BOD Roles & Responsability
TrailNorth Federal Credit Union General Authority and Duties of Directors Policy Background
The decision to serve as a director is a commitment which includes understanding the financial statements, risks and controls of the credit union so as to properly exercise authority over the credit union’s direction.
TrailNorth Federal Credit Union will comply with NCUA Rule 701.4, General authorities and duties of Federal credit union directors, which clarifies and documents the important duties of boards of directors of federal credit unions. NCUA Letter No. 11-FCU-02 provides general information about directors’ duties and the financial skills required by directors.
General Authority and Duties
1) The Board of Directors is responsible for the general direction and control of the Credit Union. The Board may delegate operational functions to management, but not the responsibility for the Credit Union’s direction.
2) A Director of the Board must carry out his or her duties in good faith, in a manner reasonably believed to be in the best interests of the membership, and with such care, including reasonable inquiry, as an ordinarily prudent person in a like position would use under similar circumstances. “Good faith” as defined by the NCUA means, generally, that directors should take care not to violate the law, and also not be involved in decisions that benefit the Director personally.
3) A Director of the Board must administer the affairs of the Credit Union fairly and impartially and without discrimination in favor of or against any particular member.
4) A Director of the Board must have at least a working familiarity with basic finance and accounting practices, including the ability to read and understand the Credit Union’s balance sheet and income statement and the ability to ask, as appropriate, substantive questions of management and auditors. At a minimum, a Director should be able to examine the Credit Union balance sheet and income statements and understand at the line item level the following:
a. What does this line item mean?
b. Why is it important to the Credit Union?
c. Is the value of this line item changing over time, and what does that change mean?
d. Is the change important to the Credit Union?
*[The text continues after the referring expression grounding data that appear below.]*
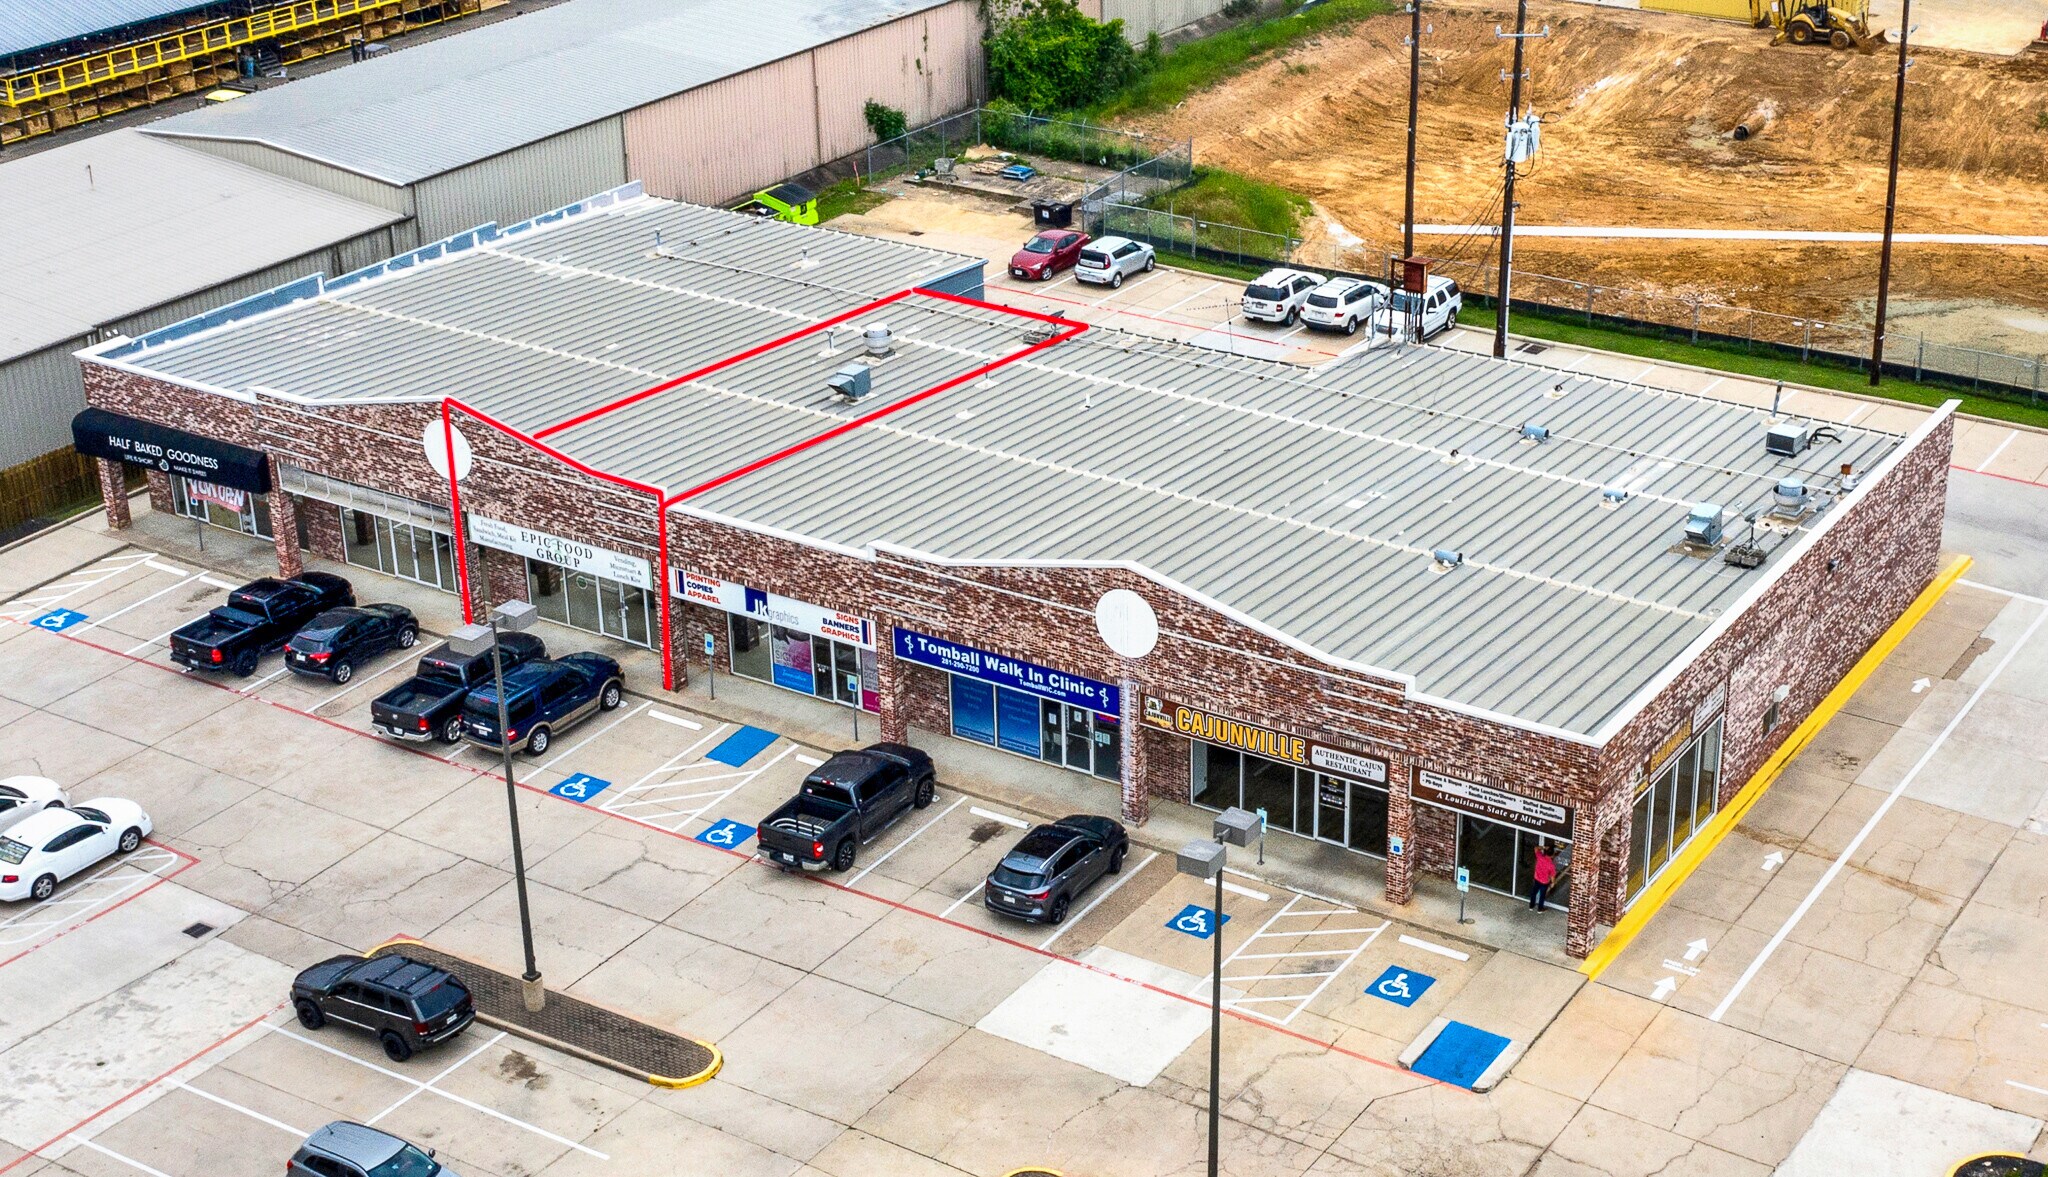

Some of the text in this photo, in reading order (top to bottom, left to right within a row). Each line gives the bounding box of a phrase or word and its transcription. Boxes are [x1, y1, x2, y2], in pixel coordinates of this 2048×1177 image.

[109, 436, 218, 469] HALF BAKED GOODNESS
[521, 531, 593, 560] EPIC FOOD
[536, 547, 580, 568] GROUP
[686, 572, 721, 587] PRINTING
[686, 581, 714, 594] COPIES
[687, 590, 721, 604] APPAREL
[822, 617, 860, 634] BANNERS
[836, 613, 859, 625] SIGNS
[821, 626, 861, 643] GRAPHICS
[918, 637, 1095, 697] Tomball Walk In Clinic
[1176, 706, 1306, 765] CAJUNVILLE
[1314, 749, 1383, 772] AUTHENTIC CAJUN
[1325, 759, 1372, 777] RESTAURANT
[1436, 792, 1443, 800] A
[1444, 794, 1485, 811] Louisiana
[1486, 806, 1508, 818] State
[1509, 812, 1520, 822] of
5) A Director of the Board must understand the specific activities the Credit Union engages in, how these activities generate revenue, and the various risks associated with these activities that could lead to financial loss. Directors should understand credit, liquidity, interest rate, compliance, strategic, transaction, and reputation risk. Directors should understand the internal control structures at the Credit Union that limit and control these risks.
6) A Director of the Board must direct the operations of the Credit Union in conformity with the Federal Credit Union Act, NCUA’s Rules and Regulations, other applicable laws, and sound business practices.
7) A Director of the Board may rely on information prepared or presented by employees or consultants the Director reasonably believes to be reliable and competent and who merit confidence in the particular functions performed.
The Credit Union will provide training opportunities for Directors to acquire the necessary financial skills. All training costs will be paid by the Credit Union. Directors may obtain the necessary financial skills through internal Credit Union training, external training, self-education, on-the-job experience, or a combination of these activities. Sitting Directors who were appointed or elected before January 27, 2011 and do not have these skills, have until July 27, 2011 to satisfy the minimum financial standards. Directors who are elected or appointed on or after January 27, 2011 will have received such training within six months of their appointment or election to the Board of Directors, unless they can already demonstrate their possession of the requisite financial skills.